While director of programmes at the United Nations charity organisation Anna Kettley said that “the coronavirus pandemic is the most urgent crisis affecting children since the Second World War,” she also said that “we know that before the pandemic 2.4 million children across the UK were already growing up in food insecure households.”
As with huge rises in food bank use; “newly hungry” families experiencing loss of income; and the need for restaurants across London to provide free school meals, the novel coronavirus pandemic has not caused a food insecurity crisis by itself. It has exacerbated already cavernous inequalities in U.K. society, with mutual aid groups, food bank charities, footballer Marcus Rashford, and now, UNICEF seeing interventions normalised by the decade of Lib Dem / Conservative, and then Conservative austerity policies that have meant they have to intervene at all. It did not have to be this way.

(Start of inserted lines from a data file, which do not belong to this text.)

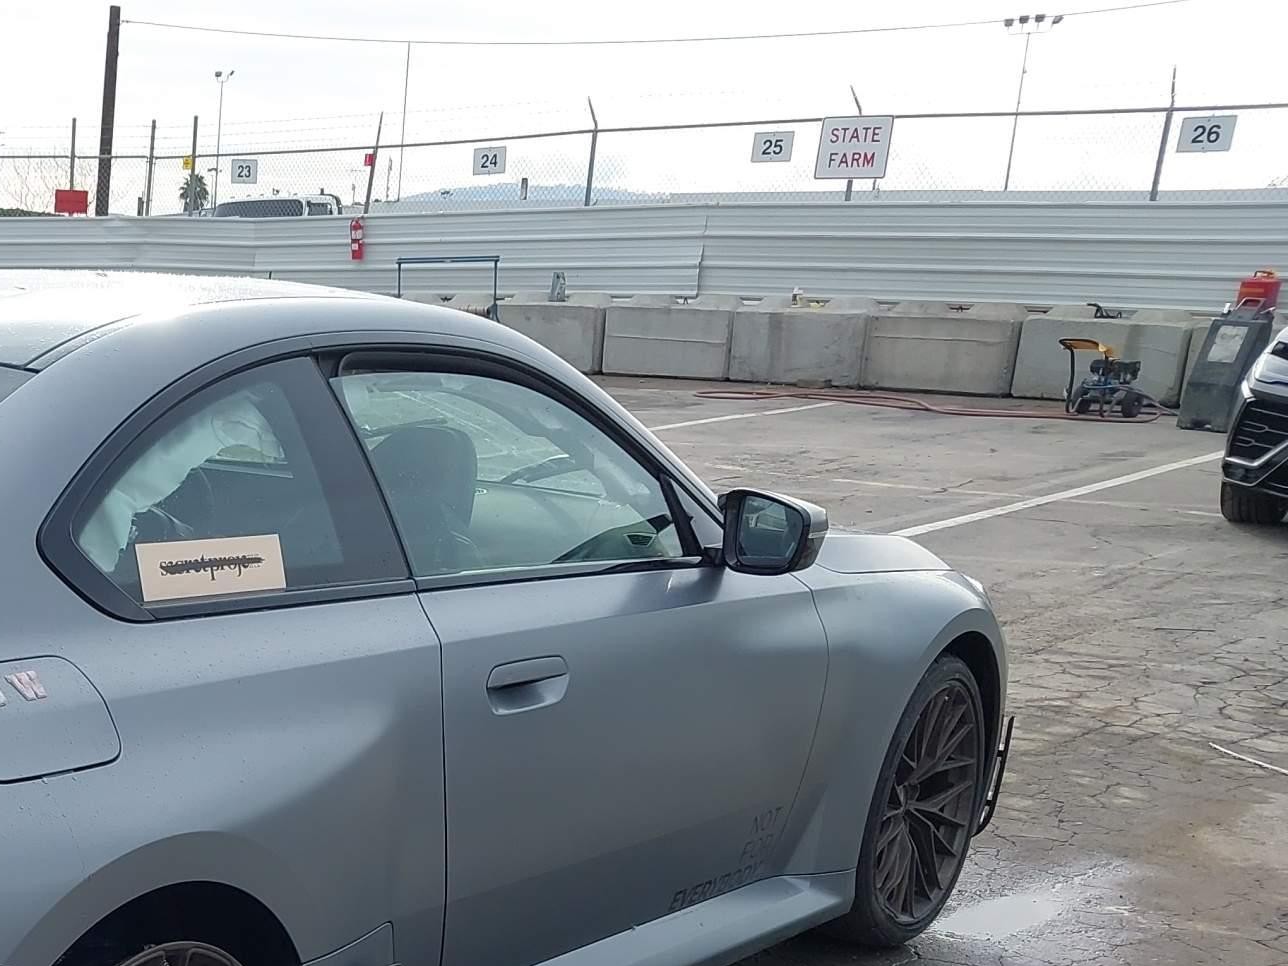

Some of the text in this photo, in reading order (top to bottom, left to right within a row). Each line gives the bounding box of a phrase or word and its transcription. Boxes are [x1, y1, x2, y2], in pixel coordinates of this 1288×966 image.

[829, 126, 883, 144] STATE
[1191, 124, 1222, 144] 26
[761, 139, 784, 156] 25
[480, 153, 498, 169] 24
[827, 151, 876, 168] FARM
[237, 164, 251, 178] 23

Throughout the last nine months, government interventions have been marked by hesitancy, u-turns, and logistical inadequacy. Free school meal vouchers didn’t apply to enough food shops; then they didn’t work at supermarket tills. Boris Johnson ignored Marcus Rashford’s appeal to extend free school meals over school holidays, until political and public pressure forced him to announce £406 million of funding. The government claimed the solution was Universal Credit; the largest food bank charity in the U.K., the Trussell Trust, links Universal Credit repayments to families going hungry.

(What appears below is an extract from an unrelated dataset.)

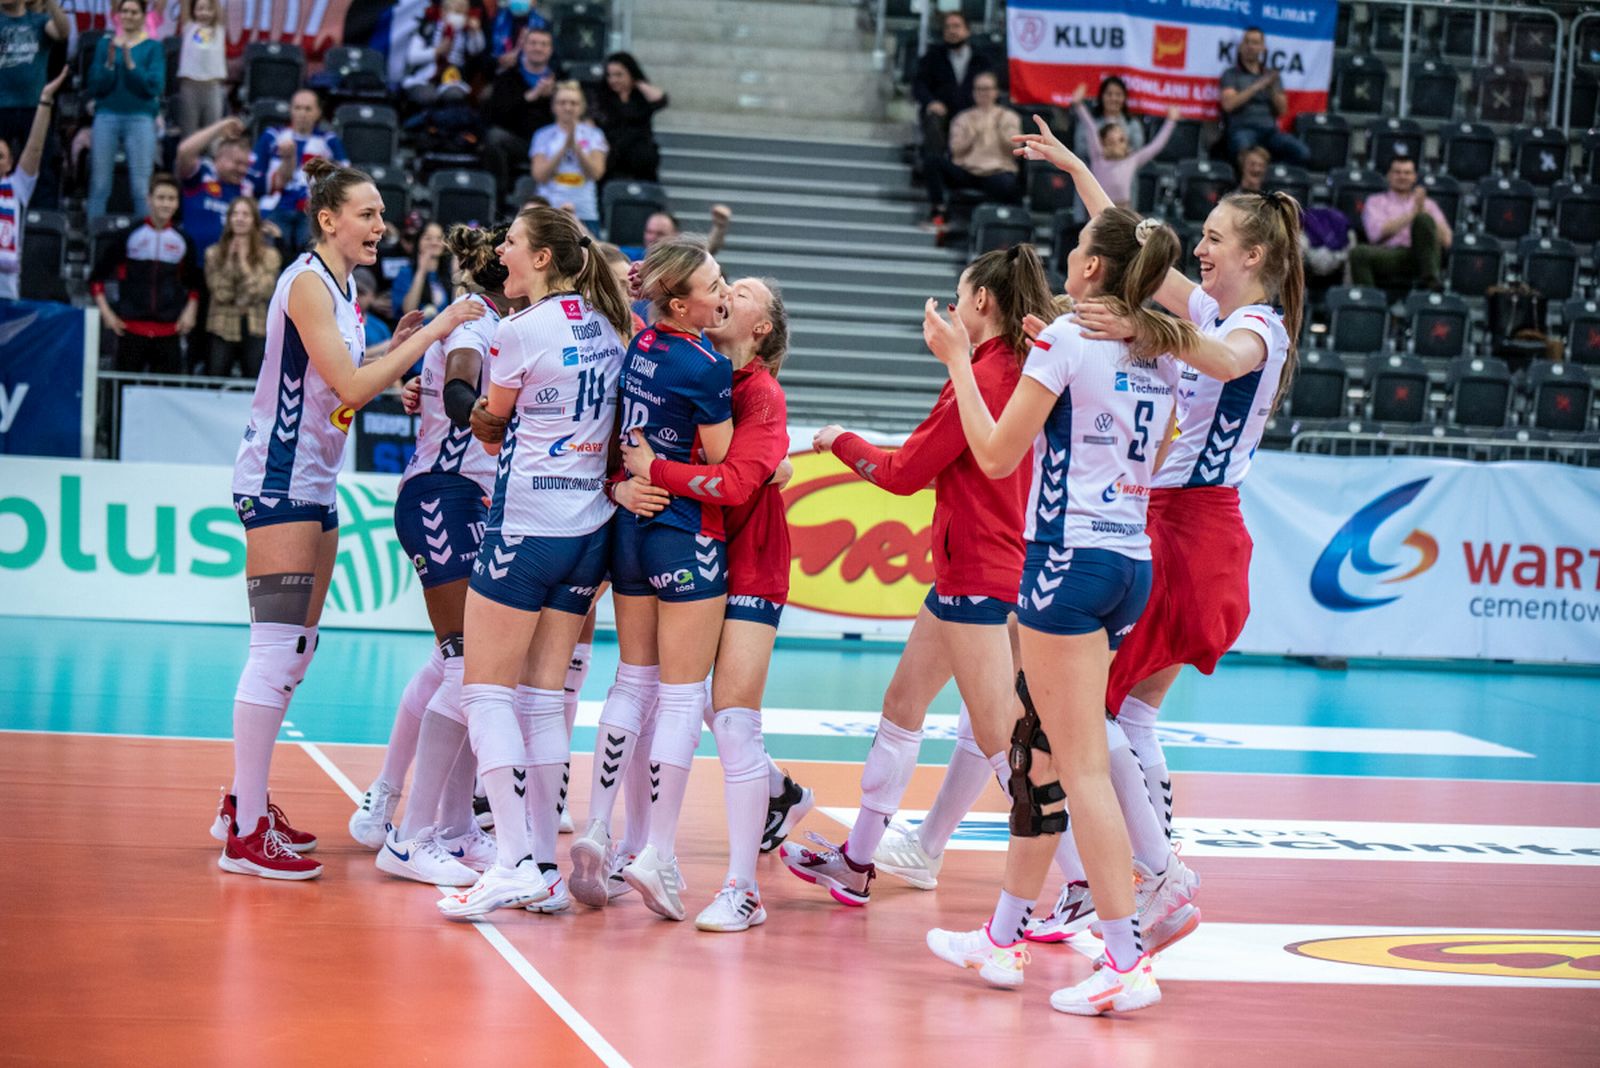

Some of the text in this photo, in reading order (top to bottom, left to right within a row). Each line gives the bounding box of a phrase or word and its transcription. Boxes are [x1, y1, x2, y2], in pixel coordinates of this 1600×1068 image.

[1054, 26, 1125, 49] KLUB
[580, 347, 619, 363] Technitel
[572, 367, 605, 421] 14
[1127, 400, 1154, 463] 5

The government might rightly label the support it has provided — the furlough scheme; a much-too-late and probably-too-little self-isolation payment; that belated free school meal funding and the original vouchers; and an increase to Universal Credit payments, as unprecedented. It is unprecedented. But things can both be unprecedented and not enough. There is no scenario in which the U.K., the sixth richest country in the world, should need a United Nations hand-out to feed its children. However much the novel coronavirus may have laid inequalities and inadequacies bare, government policy led to those inequalities. It is a choice that government policy does not remedy them.